Many people assume that loans and investments are independent financial decisions. However, they are deeply interconnected, and treating them separately can lead to costly financial mistakes. If you want to optimise returns, reduce stress, and achieve your long-term goals, you need to strike the right balance between borrowing and investing. Here’s how to make smarter financial choices.

Borrowing at High Rates While Investing in Low-Return Funds

One of the most frequent errors people make is taking loans at high interest rates (10%-12%) while simultaneously investing in low-yield instruments like debt or hybrid funds that generate only 8%-10% returns.

Why is this a mistake?

If your loan interest rate is higher than your investment return, you’re losing money. Instead of continuing such investments, prioritise paying off high-interest loans first. This helps reduce financial burden and frees up future cash flow.

Smart Borrowing: Match Your Loans with Investments

If you need to borrow, ensure that your investment returns exceed your borrowing costs.

A home loan typically carries an interest rate of 7%-9%, making it relatively cheap compared to personal loans or credit card debt. Instead of rushing to prepay it, consider investing in high-return assets like equities or high-yield bonds. Over the long run, equities have historically provided higher returns than home loan interest rates, making investing a better option than premature loan repayment.

When Should Loan Repayment Be Your Top Priority?

If you have multiple loans, prioritise repaying the highest-interest debt first. Credit card balances and personal loans, which can carry interest rates above 12%-15%, should be repaid as soon as possible. These loans compound quickly and can drain your finances.

However, if you have short-term financial goals (e.g., education, marriage, or a home purchase) within the next 2-3 years, avoid investing in volatile assets like equities. Instead, opt for safer investment avenues such as fixed deposits or short-term debt funds to preserve your capital.

Home Loan Trap: Should You Prepay Early?

Many homeowners believe that prepaying a home loan will save them substantial interest payments. While this is true in some cases, there’s a hidden factor: banks front-load interest payments in the first 5-7 years. This means a major portion of your EMI goes toward interest rather than the principal.

Instead of aggressively repaying your home loan after 5 to 7 years, consider investing surplus funds in higher-return assets. This strategy can potentially grow your wealth more effectively than reducing home loan tenure.

Good Loans vs. Bad Loans

Not all debt is bad. Some loans, such as home loans, student loans, and business loans, can be wealth-building tools if used strategically. The key is to determine how much debt your finances can support while still achieving your other financial goals.

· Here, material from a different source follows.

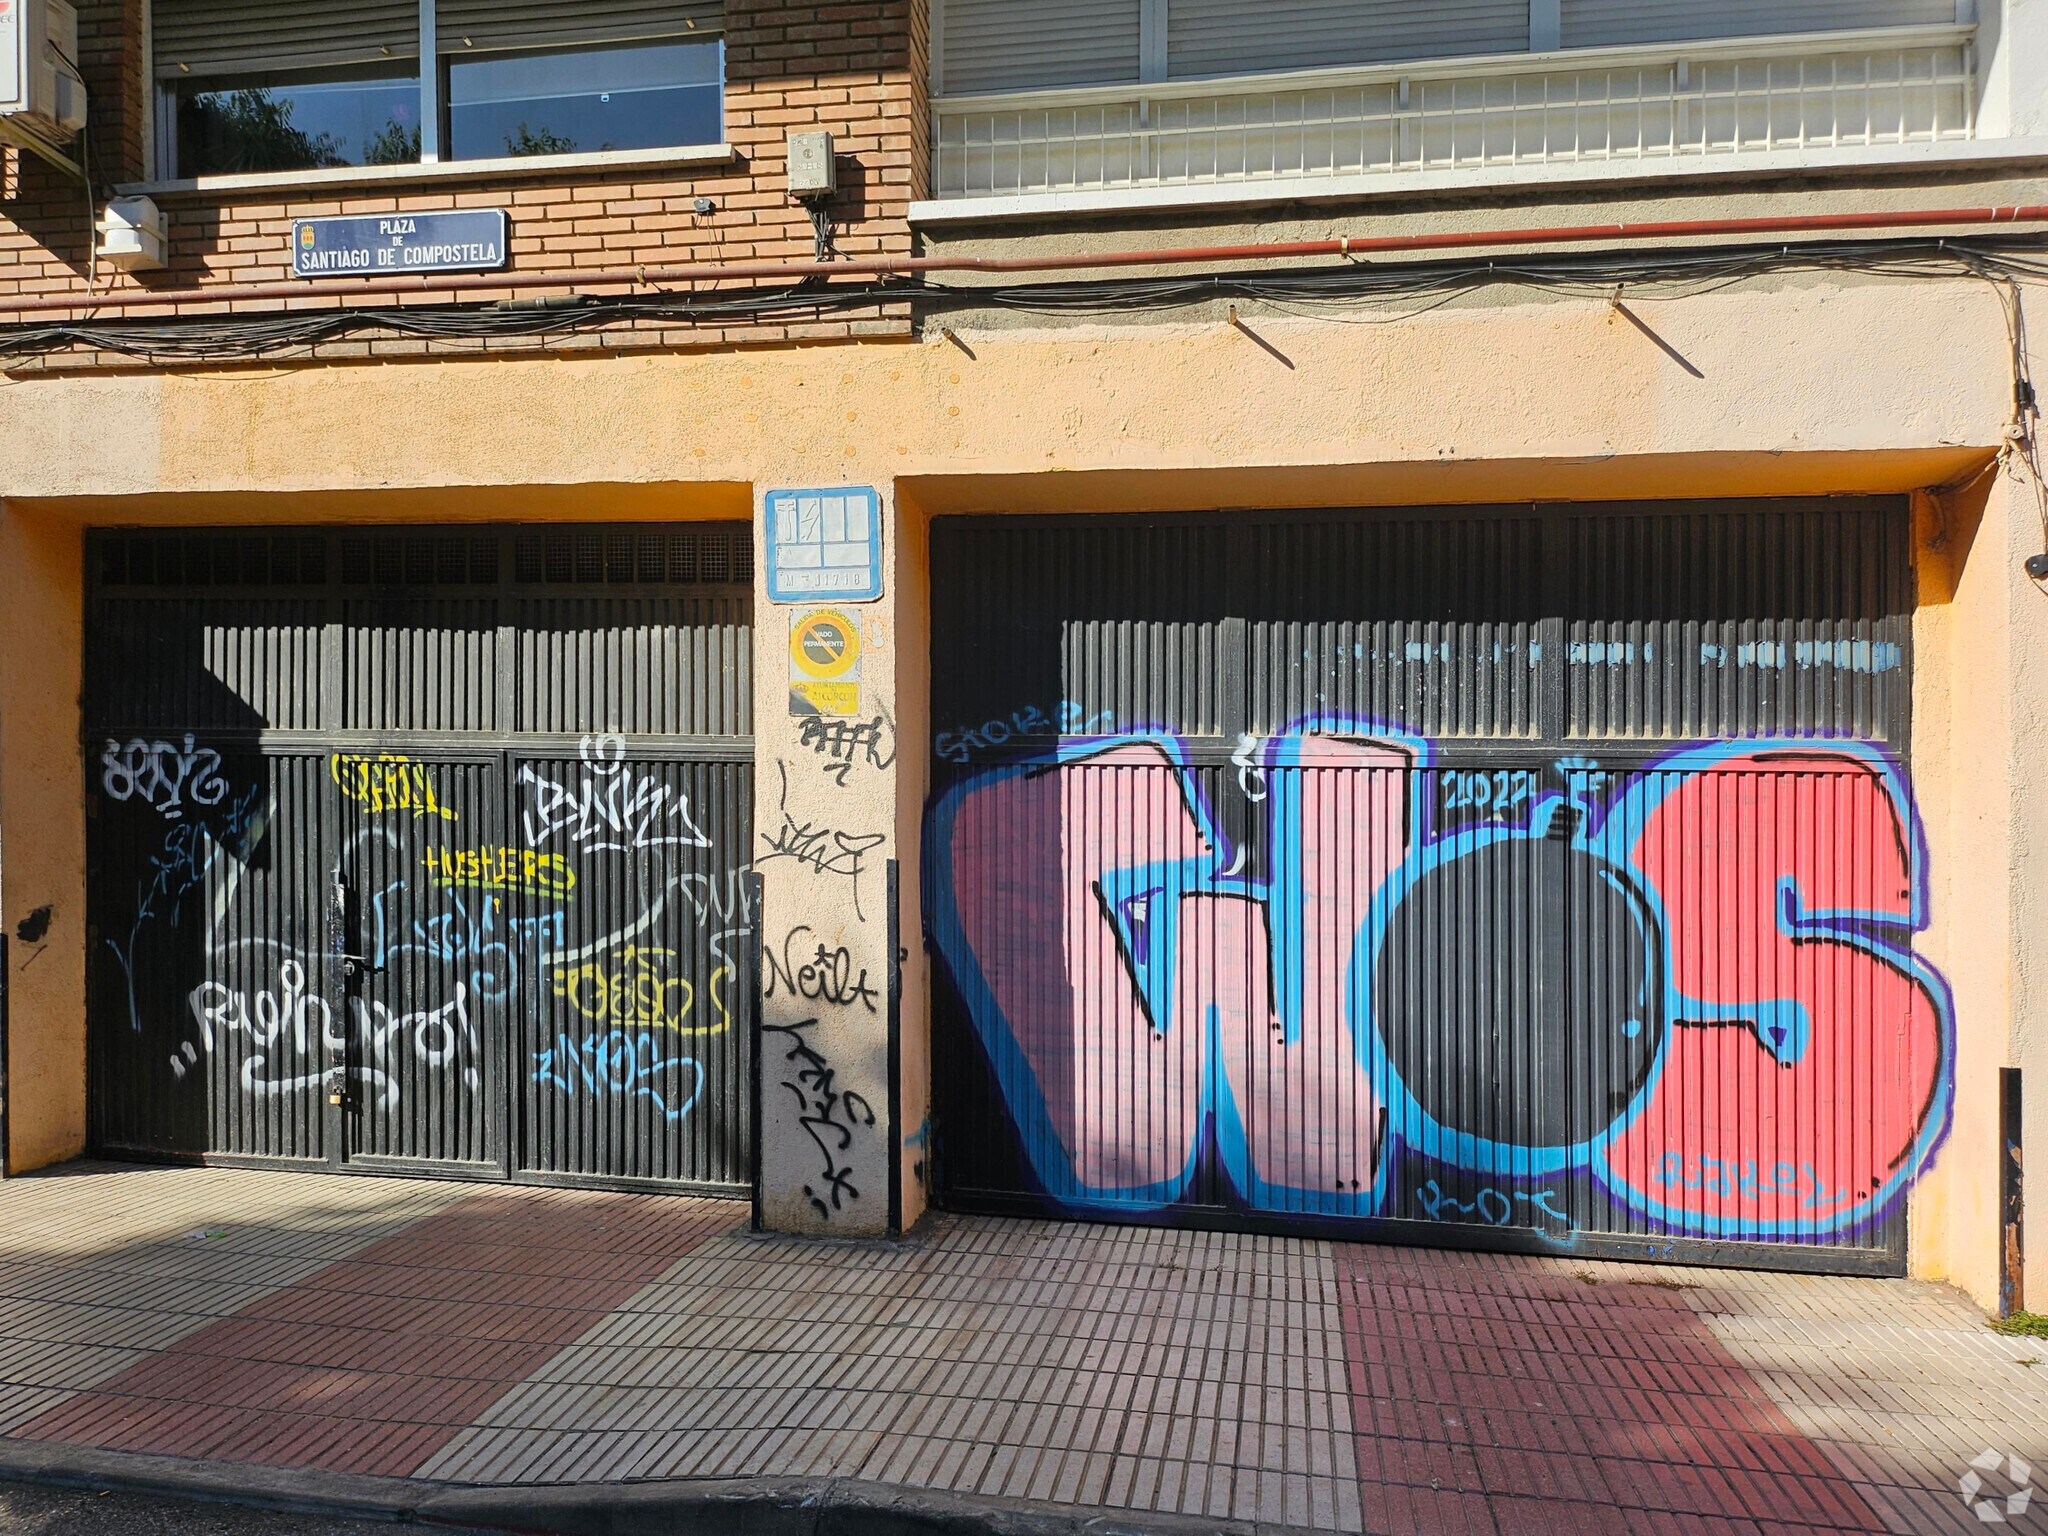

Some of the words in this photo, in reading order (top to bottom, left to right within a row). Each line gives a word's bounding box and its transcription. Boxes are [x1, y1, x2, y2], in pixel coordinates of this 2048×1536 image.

Consulting a financial advisor can help you structure your loans and investments wisely, ensuring optimal growth and minimal financial stress.

Final Thoughts

Your financial success isn’t just about earning more—it’s about making smart decisions with your money.

  • If you have high-interest loans, prioritise repayment over low-yield investments.
  • If you take low-interest loans, invest in high-yielding assets to make borrowing worthwhile.
  • Always analyse your loans and investments together—not separately!

By striking the right balance, you can optimise returns, reduce stress, and build long-term financial stability.

 

Please note,

The views in the article /blog are personal and that of the author. The idea is to create awareness and not intended to provide any product recommendations.